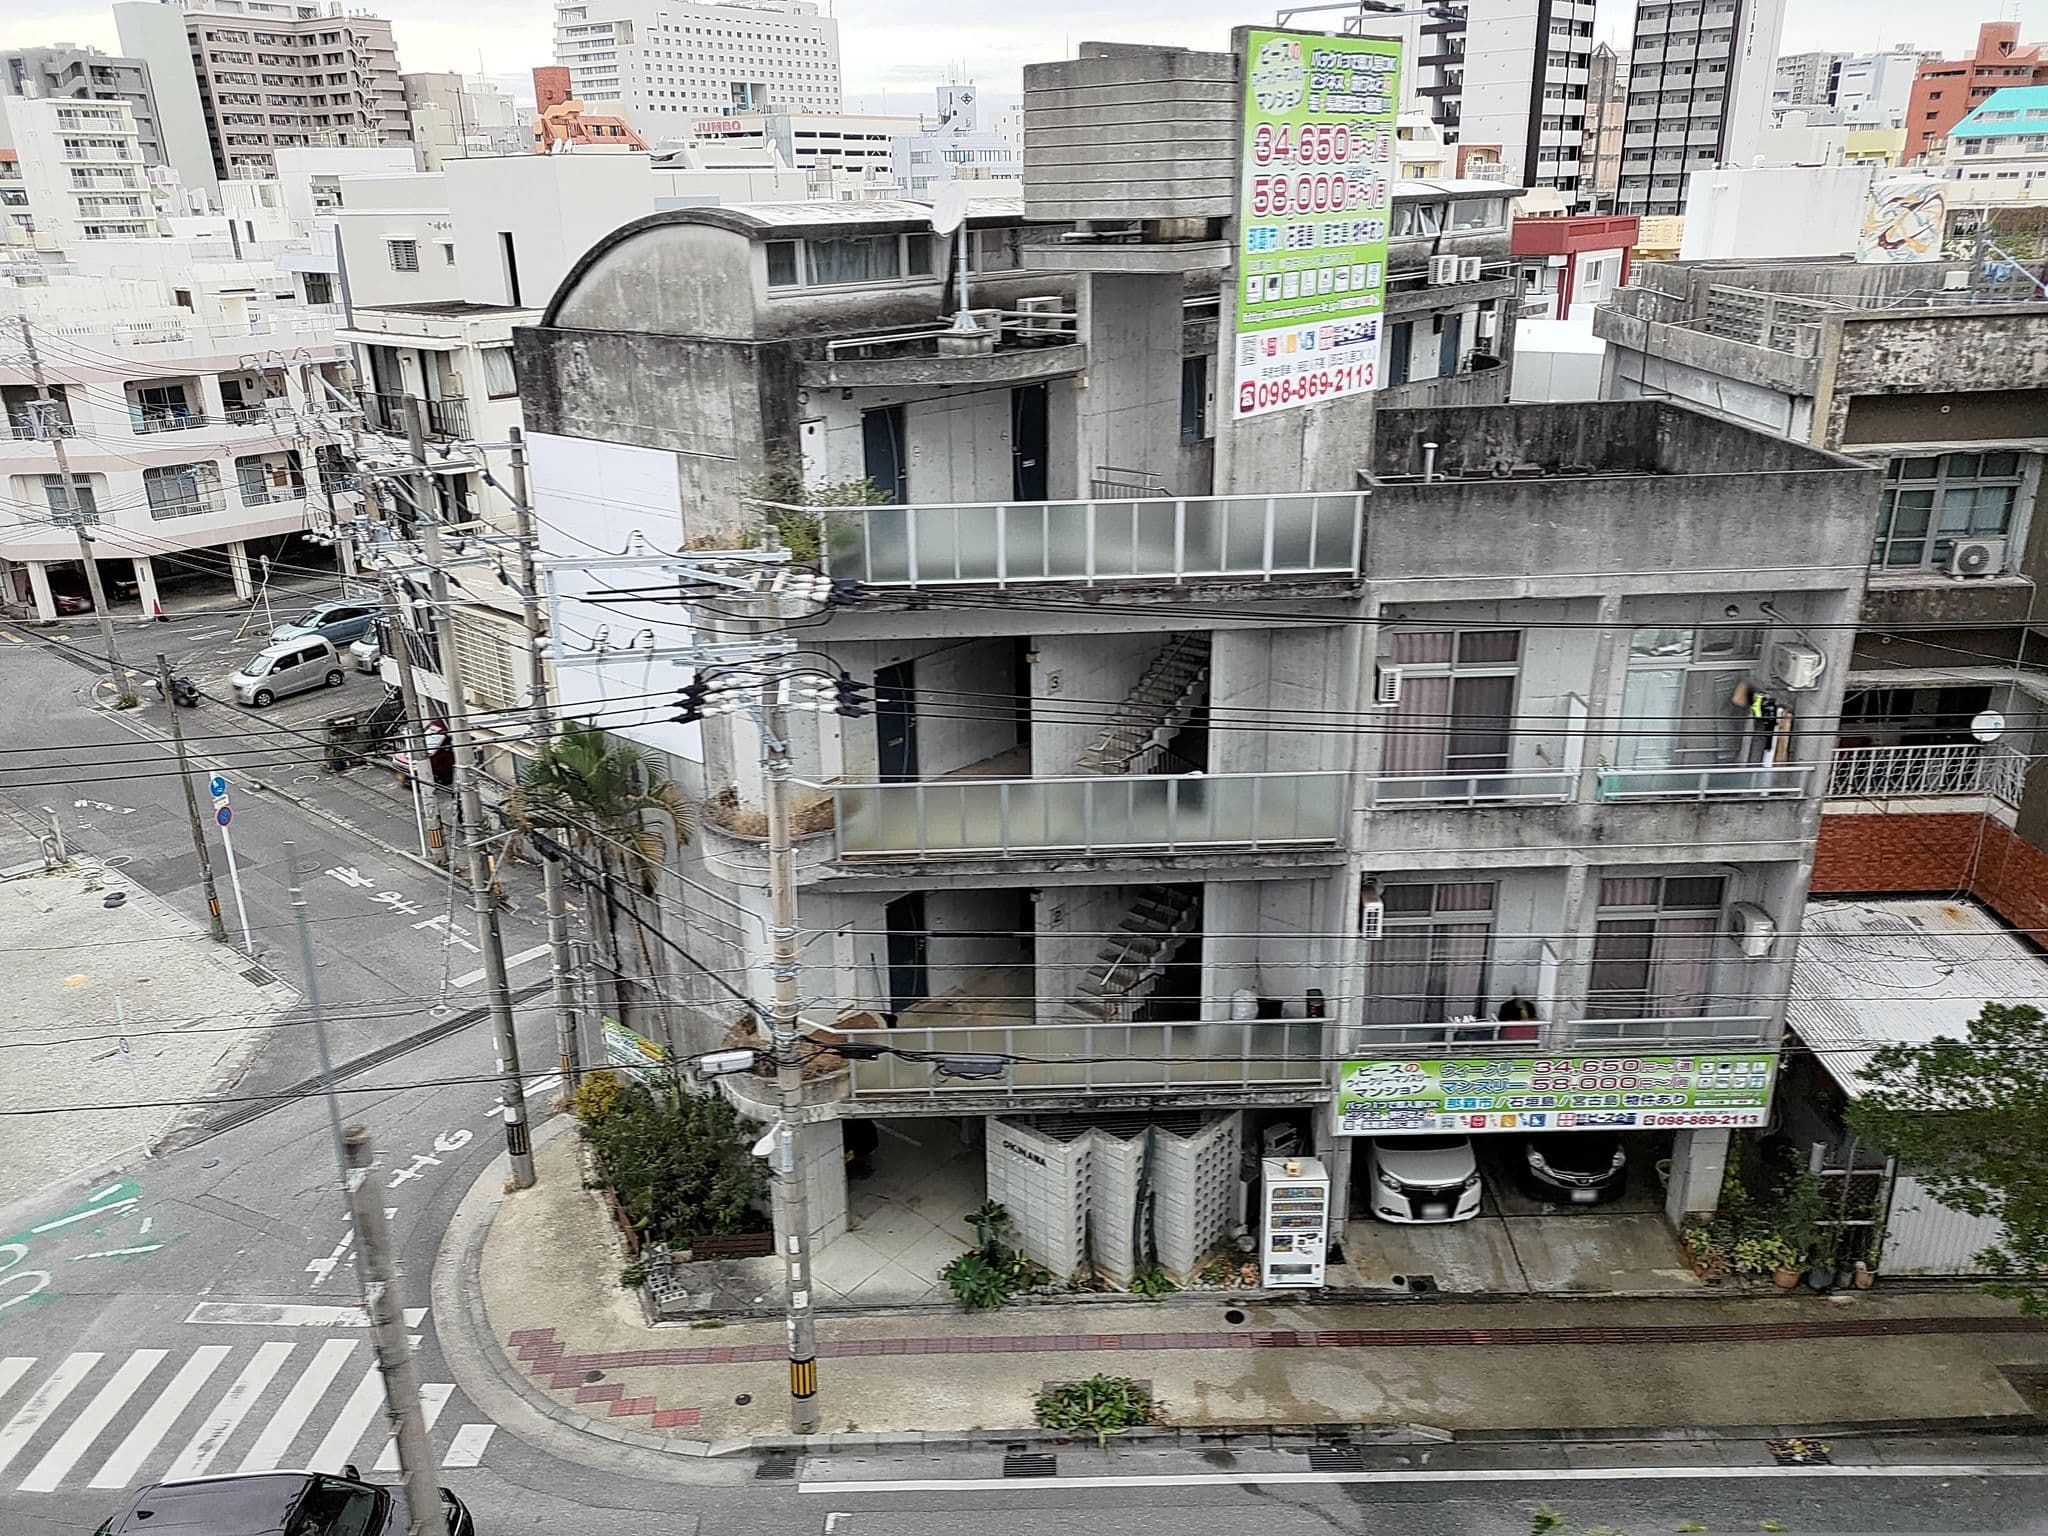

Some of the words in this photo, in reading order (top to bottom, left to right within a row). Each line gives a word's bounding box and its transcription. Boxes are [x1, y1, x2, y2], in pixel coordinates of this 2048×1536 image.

[693, 120, 741, 133] JUMBO
[1258, 362, 1374, 407] 098-869-2113
[1050, 675, 1060, 689] 3
[1441, 1062, 1529, 1076] ウィークリー
[1356, 1084, 1426, 1098] マンション
[1440, 1079, 1528, 1095] マンスリー
[1624, 1094, 1686, 1106] 物件あり
[1658, 1115, 1759, 1126] 098-869-2113
++++++++++
Apart from the pictures, the entries above are to be repeated in full and exactly.

Some of the words in this photo, in reading order (top to bottom, left to right within a row). Each line gives a word's bounding box and its transcription. Boxes are [x1, y1, x2, y2], in pixel coordinates of this 2048×1536 image.

[693, 120, 741, 133] JUMBO
[1258, 362, 1374, 407] 098-869-2113
[1050, 675, 1060, 689] 3
[1441, 1062, 1529, 1076] ウィークリー
[1356, 1084, 1426, 1098] マンション
[1440, 1079, 1528, 1095] マンスリー
[1624, 1094, 1686, 1106] 物件あり
[1658, 1115, 1759, 1126] 098-869-2113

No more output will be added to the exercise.